Overview of the simulator. Input data are the lesion database, the parcellated reference brain, and a set of simulation parameters. We ran the simulation for M3 and PM3 statistics separately for 100 critical region, varying systematically the sample size (N = 25, 50, 75, 100, 125, 150), proportion of lesions in the critical parcel that were accompanied by deficit probability (P = .25, .5, .75, 1), and significance threshold (Thr = .001, .005, .01, .05), for 100 iterations (T = 100).

We performed simulations using PM3 for 100 critical regions (Fig. 2), varying systematically the sample size (25, 50, 75, 100, 125, 150), proportion of lesions in the critical parcel that were accompanied by deficit (.3, .5, .75, 1), and the uncorrected threshold for statistical significance (.001, .005, .01, .05), followed by statistical evaluations of the simulation outputs.

Fig. 2.

Cortical parcellation showing critical regions of interest (ROIs) used in simulations. The parcellation is based on Desikan et al.(2006), and mapped onto the anatomy of a single reference brain by Hanna Damasio and Joel Bruss.

VLSM was implemented in Matlab in our simulator as described in Bates et al. (2003). Because of computational demands, we limited our simulations of VLSM to a sample size of 150 and the case where all lesions causing suprathreshold damage to the critical parcel were associated with a deficit. We examined VLSM with a simulated behavioral deficit proportional to the damage in the critical parcel, and with and without covarying for lesion size. We controlled for lesion size by first regressing out the total lesion size from the simulated behavioral deficit, and using the residual in the final model. This hierarchical regression implementation is conceptually identical to the ANCOVA framework proposed by Bates et al. (2003).
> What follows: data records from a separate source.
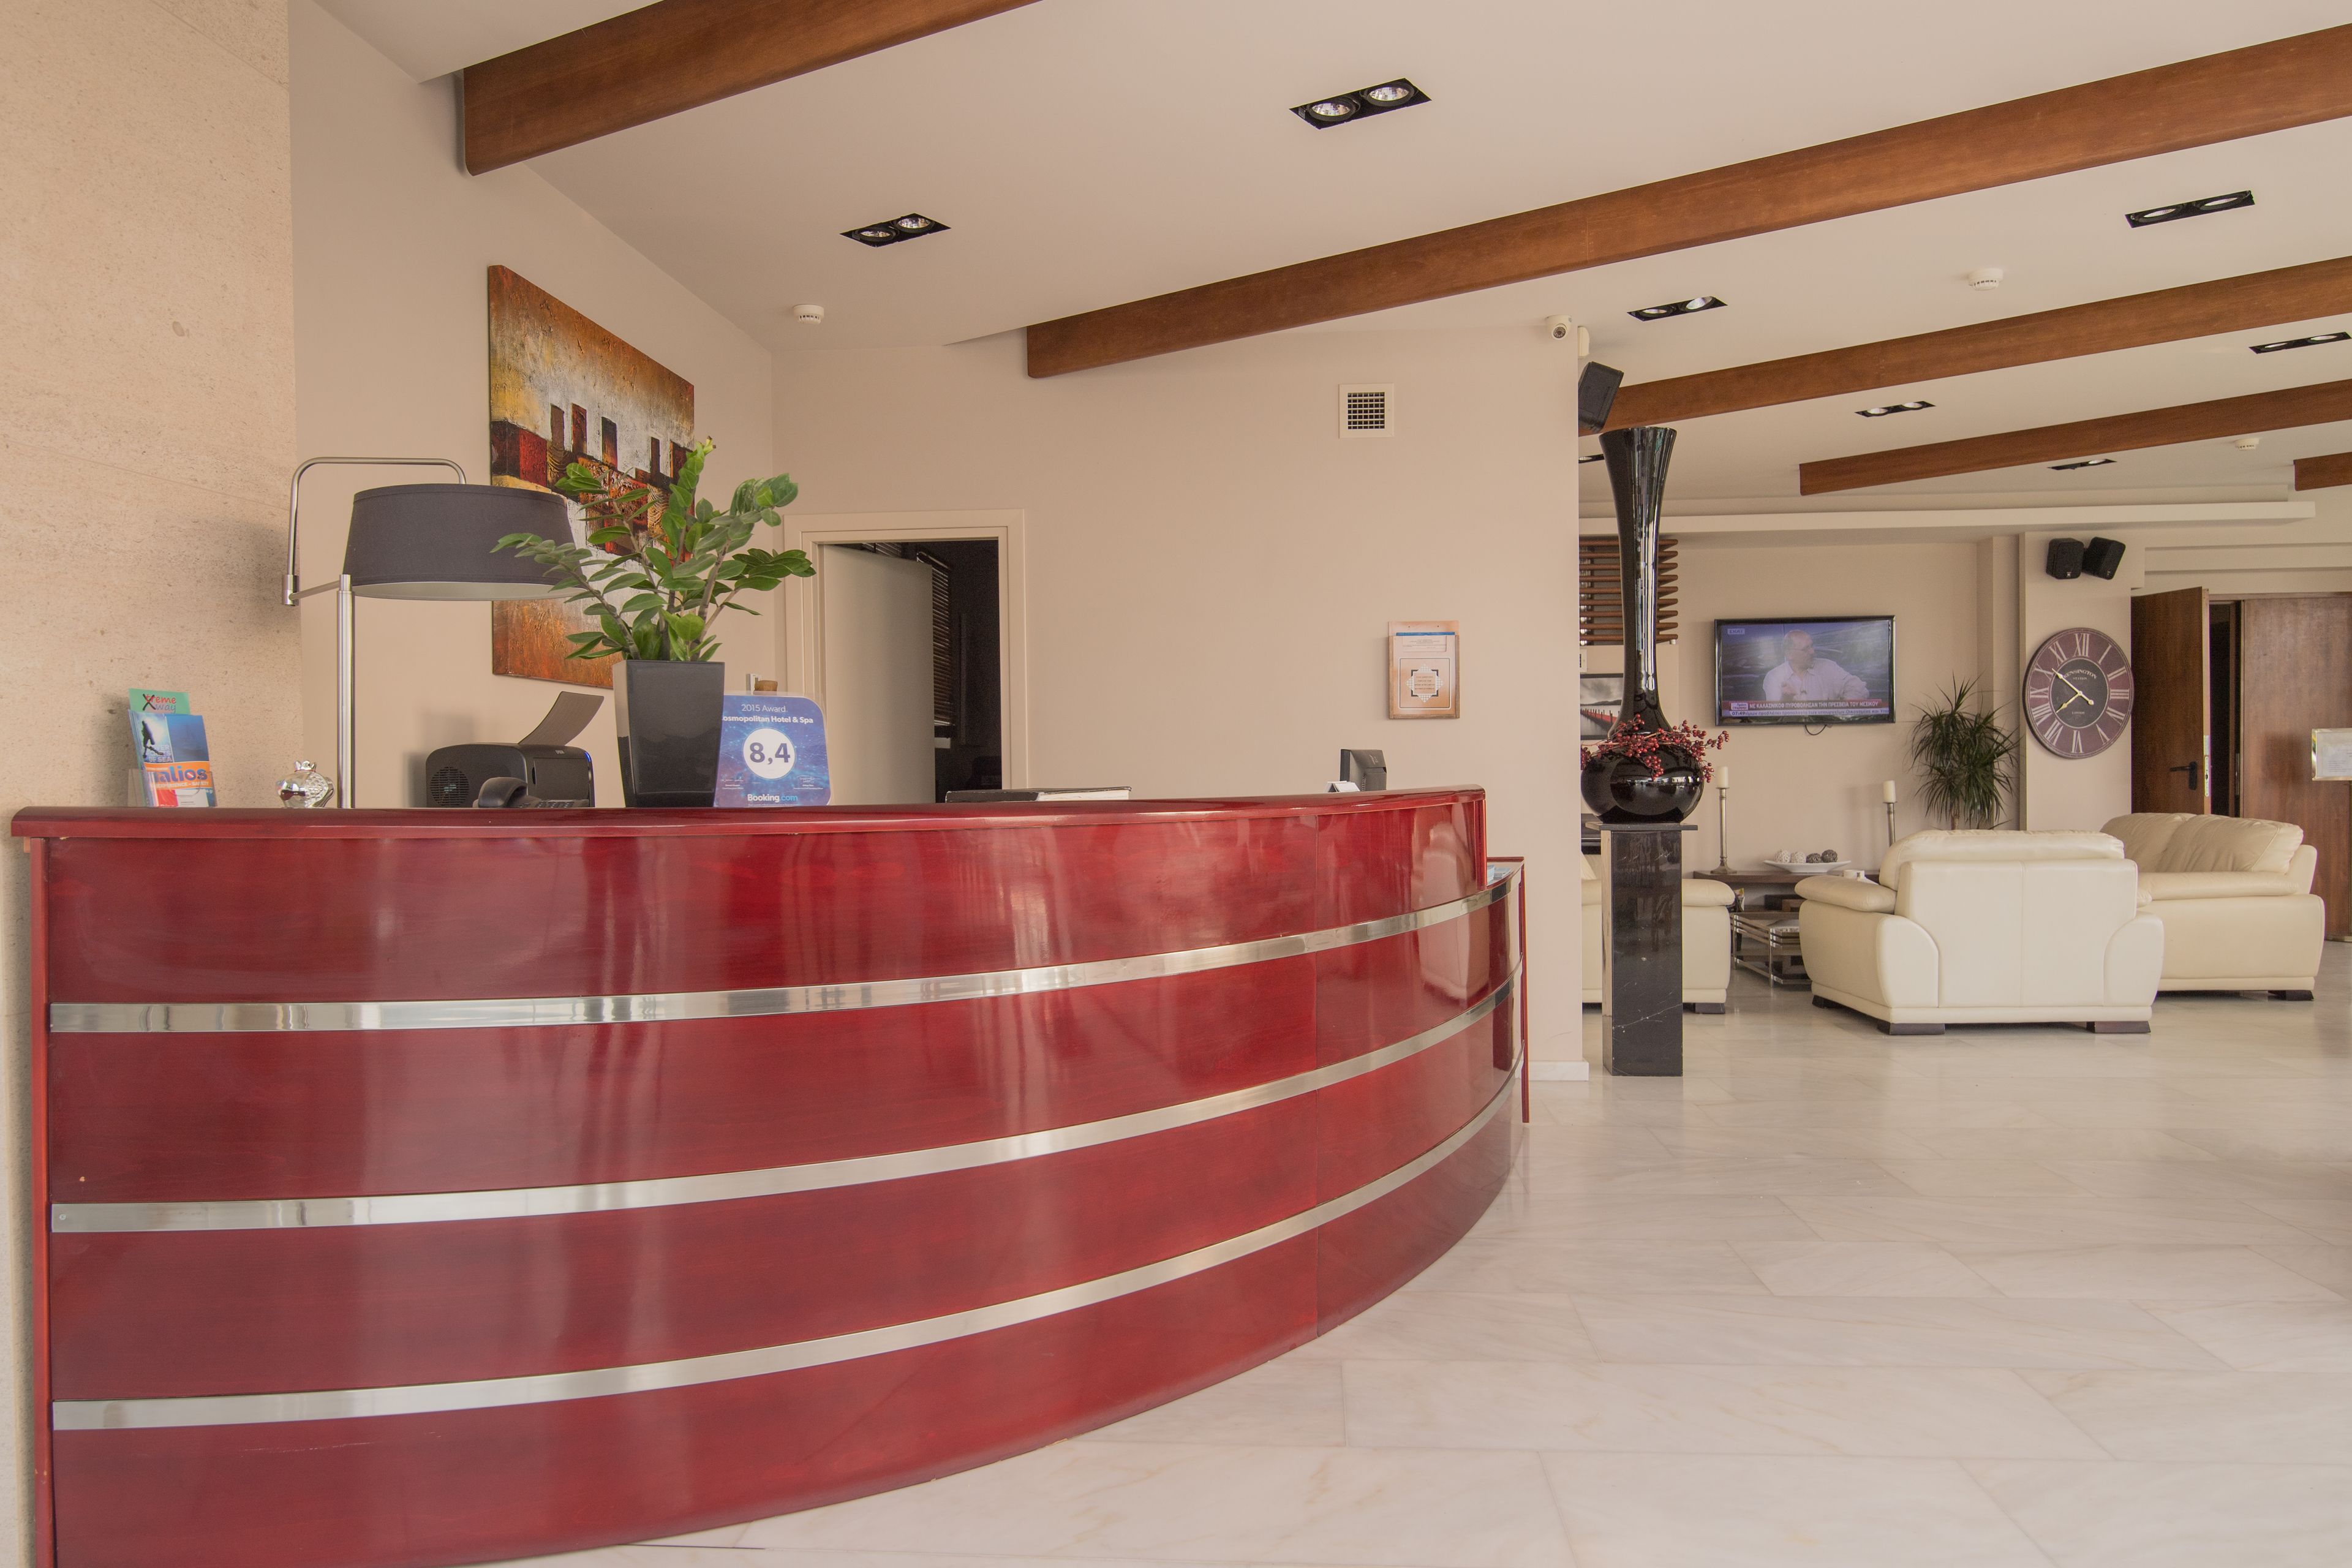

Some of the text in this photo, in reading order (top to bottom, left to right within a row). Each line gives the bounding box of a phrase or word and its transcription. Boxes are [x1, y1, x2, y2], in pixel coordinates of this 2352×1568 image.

[2073, 633, 2090, 657] XII
[2063, 669, 2098, 679] KENSINGTON
[2107, 666, 2127, 681] II
[143, 693, 176, 710] Xtreme
[2109, 688, 2130, 700] III
[156, 704, 176, 714] way
[722, 715, 770, 724] osmopolitan
[2071, 729, 2084, 754] VI
[749, 742, 791, 765] 8,4
To explore the effects of correction for multiple comparisons, we examined the effect of false discovery rate (FDR) correction and cluster-based correction using the null distribution of the maximum cluster size. Finally, we examined the effect of using nonparametric versus parametric thresholding of uncorrected t statistics with VLSM.
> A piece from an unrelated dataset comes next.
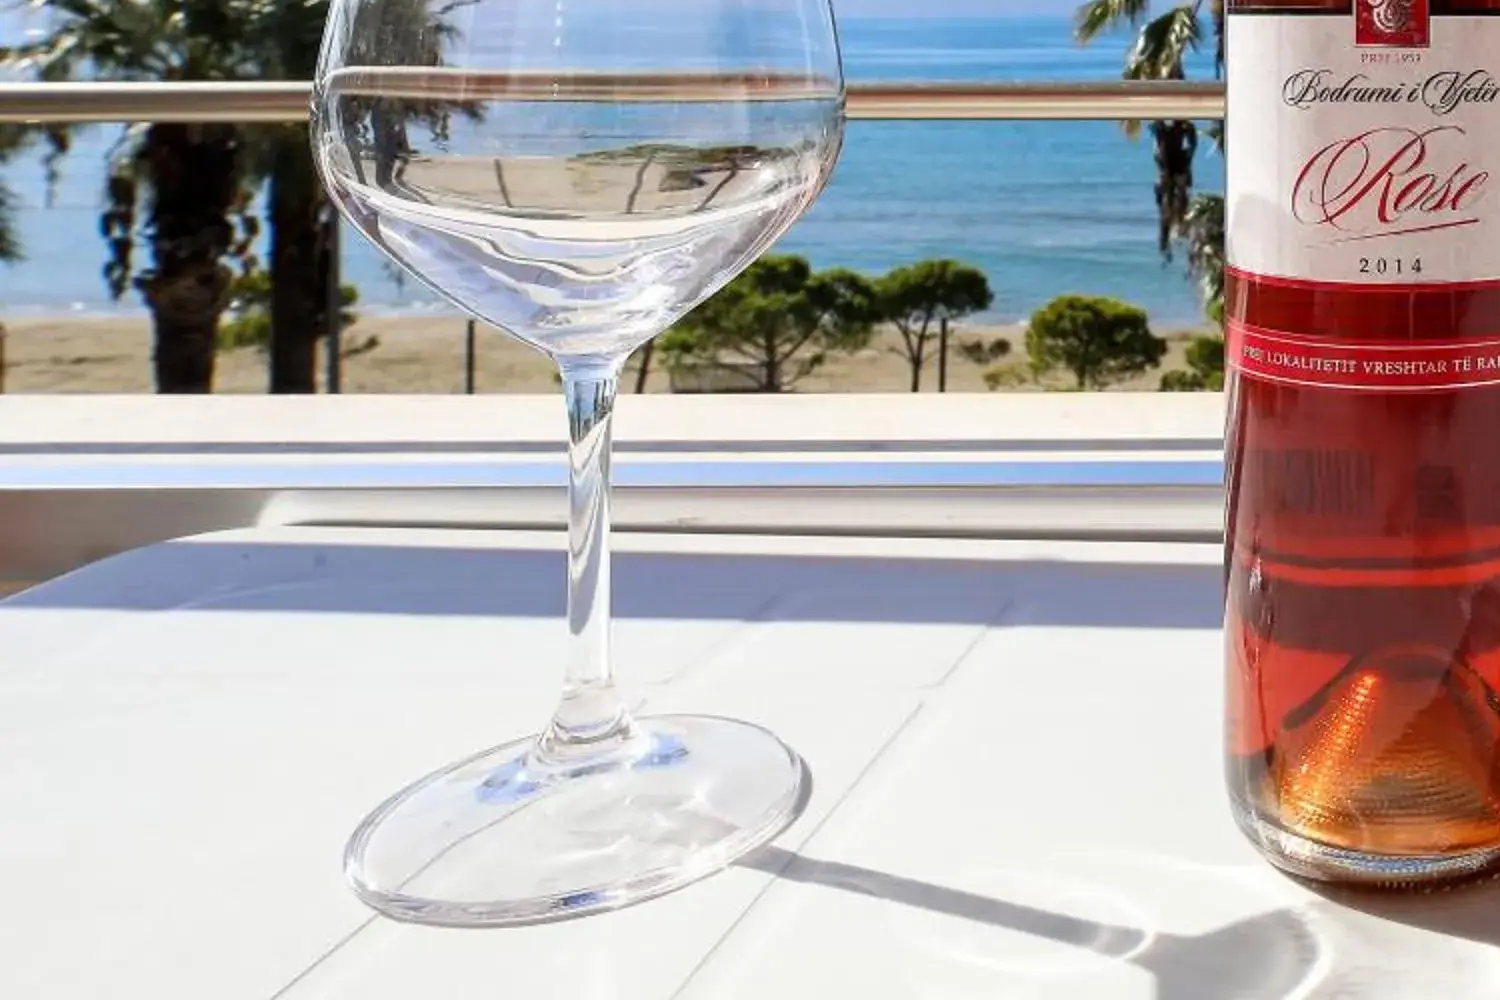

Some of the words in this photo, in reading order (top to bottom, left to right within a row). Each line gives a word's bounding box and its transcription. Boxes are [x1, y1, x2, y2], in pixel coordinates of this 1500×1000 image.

The details of the simulator, output measures, and the evaluation procedure of the stimulation outputs are as follows.

2.1. Simulator overview

2.1.1. Input data to the simulator

The simulator draws samples from a real lesion database. The input data in this study consists of (a) a lesion database consisting of 351 lesion masks drawn from and representative of the patient registry of the University of Iowa's Division of Behavioral Neurology and Cognitive Neuroscience, in NIfTI format; and (b) an anatomically parcellated reference brain, in NIfTI format. Lesions were regions of circumscribed tissue destruction caused by cerebrovascular disease, herpes simplex encephalitis, or surgical resection. The lesions were expertly traced (by Dr. Hanna Damasio and students under her supervision) on a 3D T1-weighted MRI image of a standard normal reference brain, respecting anatomic landmarks, according to the MAP-3 procedure developed in the Laboratory of Human Neuroanatomy and Neuroimaging (Damasio and Damasio, 1989; Damasio and Frank, 1992; Damasio et al., 2004; Frank et al., 1997) and converted to binary masks.

2.1.2. Simulator truth model

The simulations incorporate an assumed association between a lesion and a deficit (the “truth model”) that permits evaluation of the ability of an analysis and sampling approach to recover this truth model. In this report we adopt a simple truth model in which there is assumed to exist a single “critical region (CR)” which, when damaged gives rise to a deficit with a defined probability (P). The critical region is operationalized as one of the functional anatomic parcels depicted in Fig. 2. The threshold for damage causing deficit is also a free parameter, but was fixed at 20% of the voxels in the CR for the purpose of this study, as it interacts with sample size and deficit probability to change the number of subjects who have a lesion in a specific region. This damage threshold was chosen to correspond to the rule used to interpret lesion data in practice (Damasio and Damasio, 1989), i.e. in the Iowa Patient Registry, regions with more than 20% destruction are recorded as lesioned (Damasio and Damasio, 1989).

2.1.3. Parameters that control the simulator

Parameters that control the simulator are (a) a critical region (CR), (b) a hypothesized sample size (N), (c) the probability of deficit given damage to a critical region (P), (d) the number of sampling iterations (T), and (e) a threshold for significance (Thr) (Fig. 1).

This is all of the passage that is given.